This is a project written by Jeremy Tsai (UCLA CS '23) during the Cornell NeuroNex 2021 Program under the instruction/mentorship of Professor Mert Subuncu and Zijin Gu. The project's goal is to build a group-level encoding model that predicts how a particular image will activate the brain on average for a given Region of Interest (ROI). The model would be trained using the NSD data.

Setting Up

Include conda virtual environment information here. The following is essentially identical to the conda documentation (https://conda.io/projects/conda/en/latest/user-guide/tasks/manage-environments.html#creating-an-environment-from-an-environment-yml-file).

  1. Create the virtual environment from the environment.yml file:

    conda env create -f environment.yml

    The first line of the environment.yml file sets the new environment's name. It is currently set to avg-model.

  2. Activate the new environment through: conda activate myenv. If environment.yml has not been tampered with, myenv should be avg-model.
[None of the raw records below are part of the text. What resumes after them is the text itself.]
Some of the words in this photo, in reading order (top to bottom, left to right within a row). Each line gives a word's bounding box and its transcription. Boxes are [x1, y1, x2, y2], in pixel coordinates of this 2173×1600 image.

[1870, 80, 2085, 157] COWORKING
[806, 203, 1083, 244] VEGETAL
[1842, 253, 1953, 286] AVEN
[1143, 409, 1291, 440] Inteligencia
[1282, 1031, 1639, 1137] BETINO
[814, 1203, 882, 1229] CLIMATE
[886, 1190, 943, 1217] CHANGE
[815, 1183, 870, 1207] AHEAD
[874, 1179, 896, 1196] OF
  3. Verify that the new enviroment was installed correctly:

    conda env list

    You should see something like:

    myenv             *  /opt/anaconda3/envs/avg-model

    Again, if environment.yml has not been tampered with, myenv should be avg-model.

Acknowledgements

This project is heavily derived from the work of my mentor, Zijin Gu. Refer to her original work (NeuroGen) here: https://github.com/zijin-gu/NeuroGen. Here is a link to the paper documenting her work: https://arxiv.org/abs/2105.07140#:~:text=NeuroGen%20combines%20an%20fMRI%2Dtrained,of%20macro%2Dscale%20brain%20activation.

Training Data

Part of the training data are listed in Zijin's aforementioned GitHub NeuroGen repository, under the file roiavgbeta. These are the activation (a single float number) of the particular ROI of the particular subject. The image that causes this activation is too big to be uploaded to GitHub. Contact Jeremy for this data. Note that even with these raw .h5py files are not sorted in the order they are presented to the subjects. These sorting information are stored in the nsd_expdesign.mat file, which is also omitted from this GitHub repository because of concerns that NSD data has not been made publicly available yet.
There is a relatively small number of images that are shown to all 8 subjects of the NSD data set. These shared images can be easily used to train the data, because there is a clear correct label (i.e. the average brain activation of all 8 subjects to the specific shared image). There are also images that are only shown to a few subjects, but not all 8 of them. We call these images the partially-shared images. The way we are using to utilize these data is: STILL UNDECIDED. Similarly, images that are only shown to one individual (referred to as the unique pictures) are also utilized in an UNDECIDED way.
Note that the validation folder holds the validation/test set (the precise use of data in this folder is not yet decided yet, so validation might turn out to be a misnomer). There is also a shared_images.h5py that you might notice in the scripts, but it is not included in the script because once again, the dataset is still not made publicly available yet. If you need this file, please contact Jeremy.

Roadmap/Todos

  • Implement a command line interface to specify the network architecture (e.g. Alex-Net-like CNN, fully connected ANN, etc.) and optimization techniques (e.g. Adam, SGD, and hyperparameters). Status: SOMEWHAT COMPLETED.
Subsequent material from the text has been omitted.